Franchising Expansionspotenziale für Unternehmer durch schlüsselfertige Geschäftskonzepte

Von Dipl.-Volkswirt, Rechtsanwalt, Joachim Rudo, Hannover

Foto: Adobe Stock/ andranik123

Bedeutung des Franchisings

Franchise wird zwar überwiegend mit erfolgreichen Unternehmen aus der Systemgastronomie wie McDonald’s oder Burger King in Verbindung gebracht. Tatsächlich haben sich Franchisesysteme aber in allen bedeutenden Branchen etabliert und agieren u.a. in Dienstleistung, Handel und Gastronomie, aber auch im Handwerk. 2023 waren in Deutschland rund 910 Franchisesysteme am Markt, die von über 147 000 Franchisenehmern mit über 190.000 Franchisebetrieben und 800.000 Beschäftigten genutzt wurden.

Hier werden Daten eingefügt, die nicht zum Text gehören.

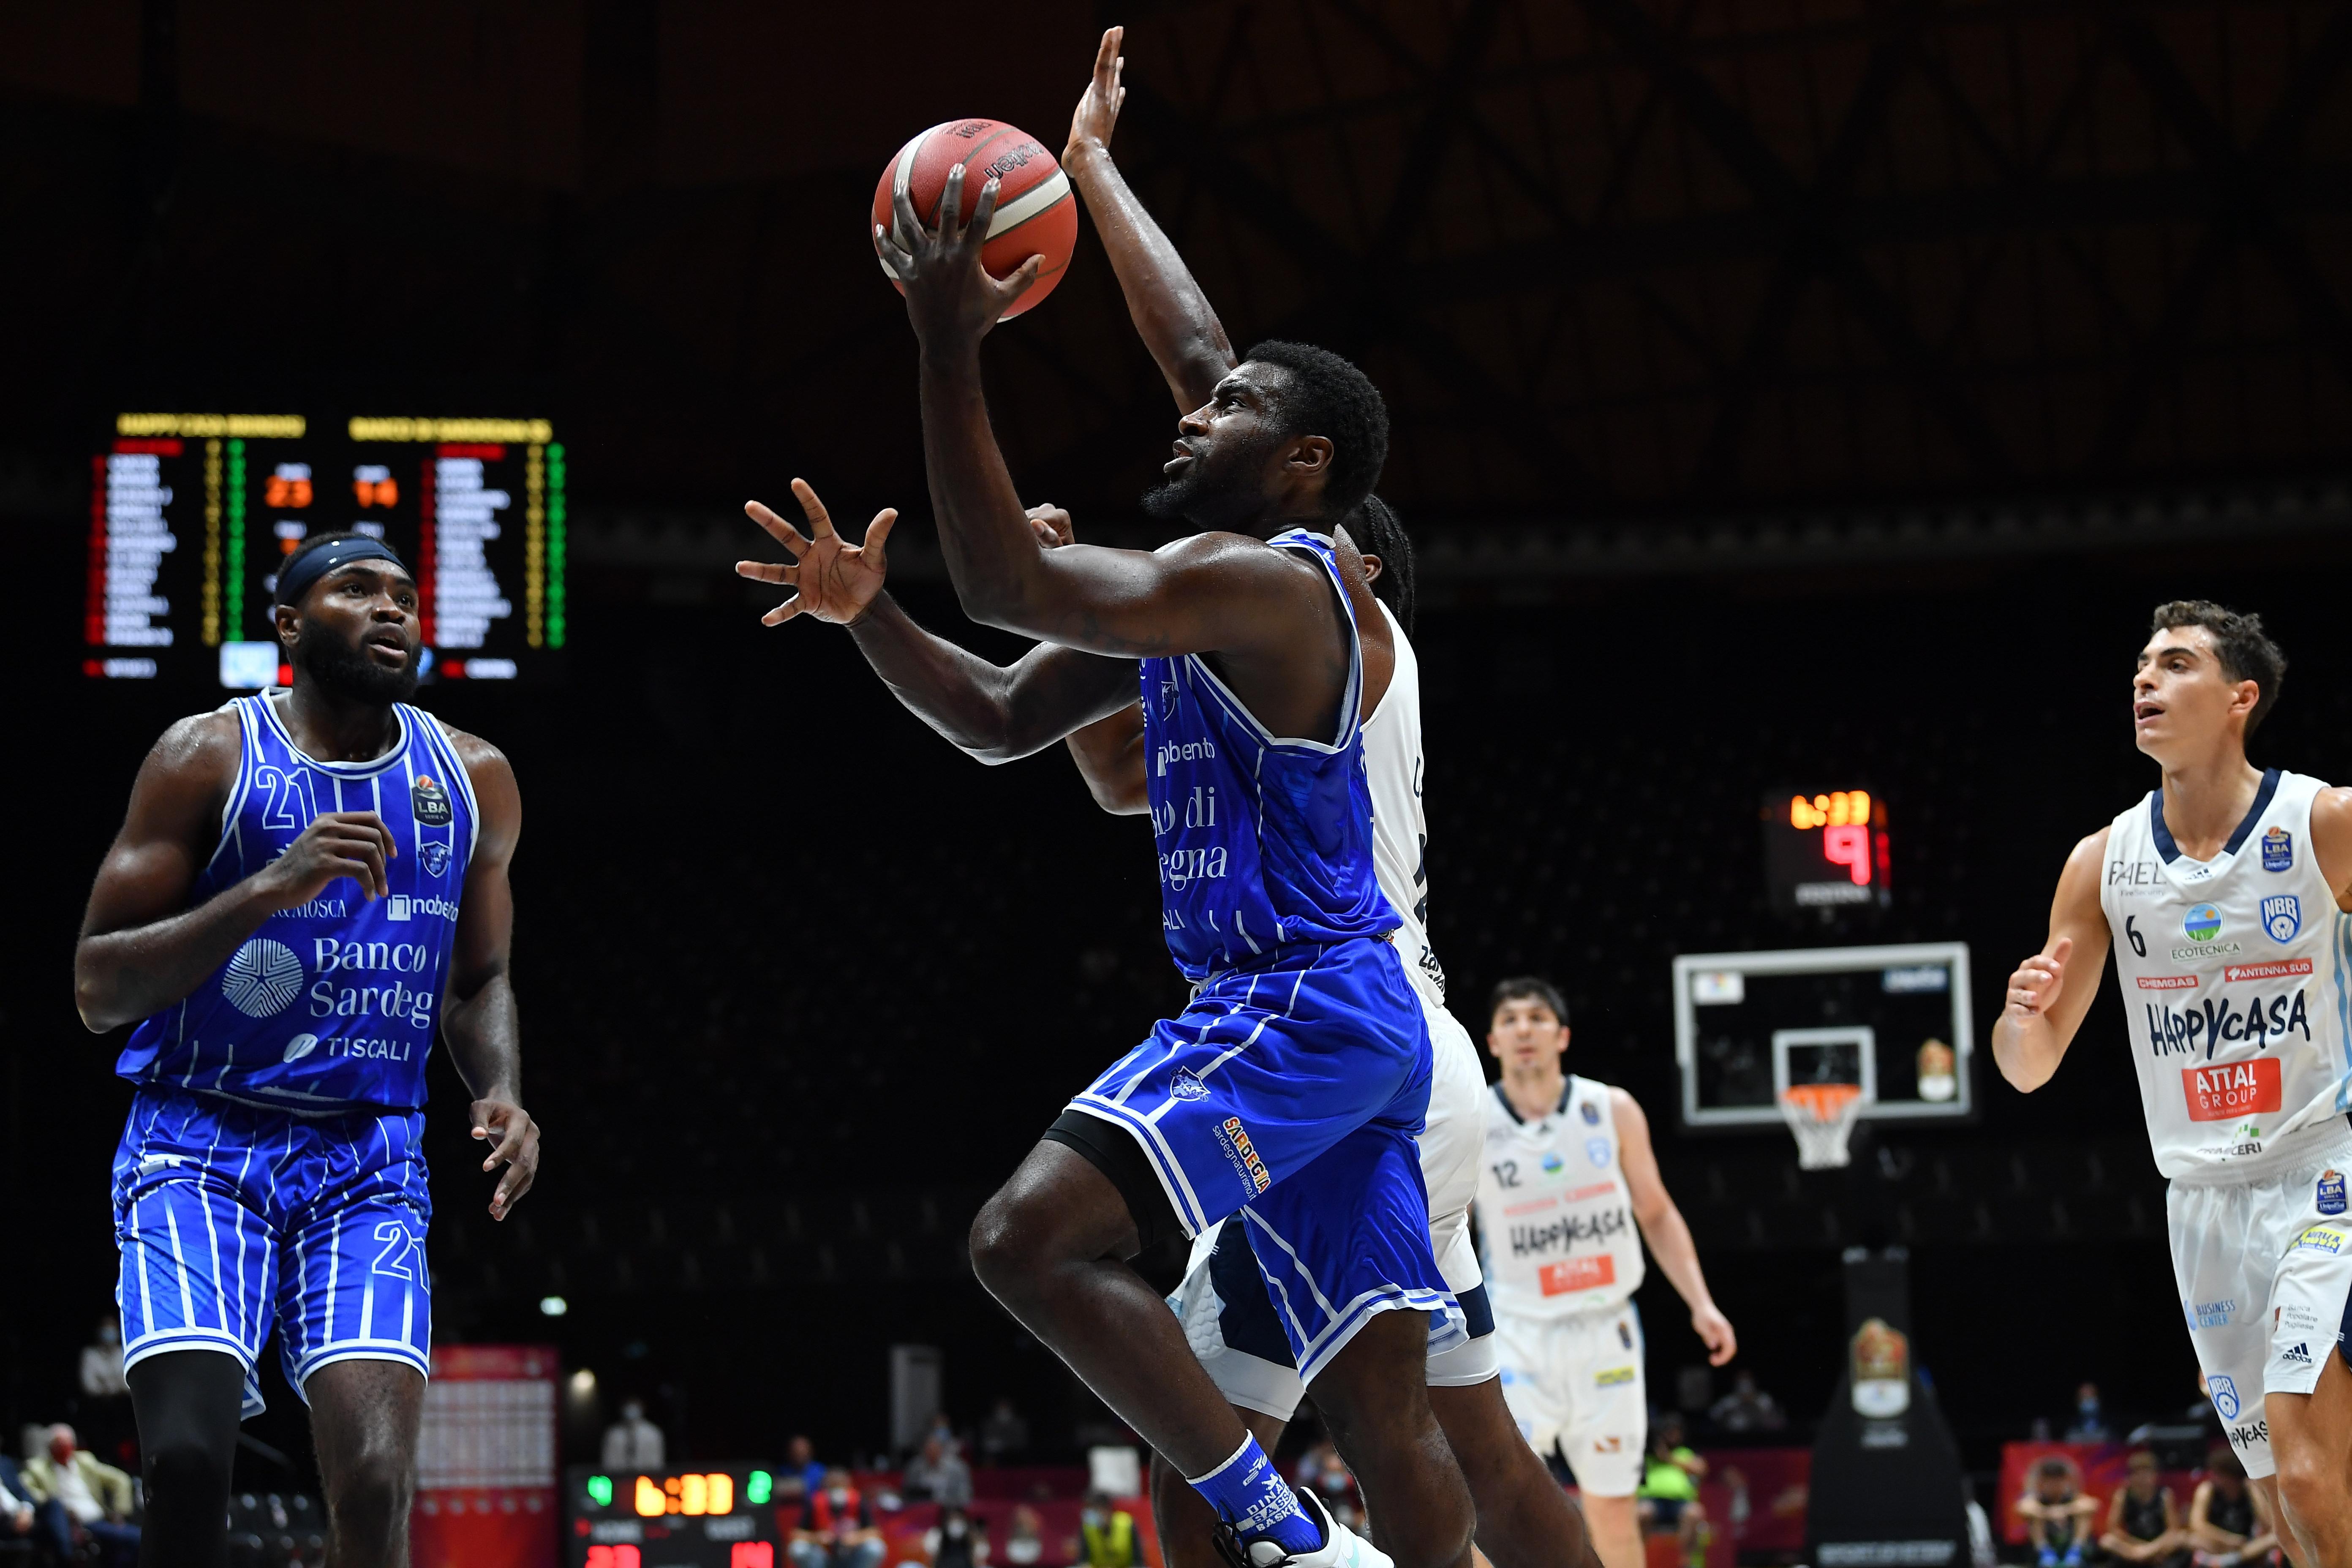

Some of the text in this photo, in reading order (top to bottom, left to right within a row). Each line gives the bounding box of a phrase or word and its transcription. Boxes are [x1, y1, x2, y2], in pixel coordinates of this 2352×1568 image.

Partnerschaft und Arbeitsteilung

Die Idee des Franchisings basiert auf Partnerschaft und Arbeitsteilung. Der Franchisegeber bietet ein bewährtes, schlüsselfertiges Geschäftskonzept, das der Franchisenehmer gegen Gebühr nutzen darf. Franchisenehmer sind selbstständige Unternehmer, die im eigenen Namen und auf eigene Rechnung arbeiten. Der Franchisenehmer erhält nicht nur eine starke Marke mit einem hohen Bekanntheitsgrad, sondern kann auf ein Gesamtpaket zurückgreifen, das z.B. erprobte Marketing- und Vertriebskonzepte, aufwendige Standort- und Marktanalysen und regelmäßige Schulungen beinhaltet. Im Gegenzug kann der Franchisegeber von vielen Franchisenehmern wichtige Informationen über neueste Trends und Kundenwünsche erhalten, die zügig in die stetige Optimierung des Geschäftskonzepts einfließen können.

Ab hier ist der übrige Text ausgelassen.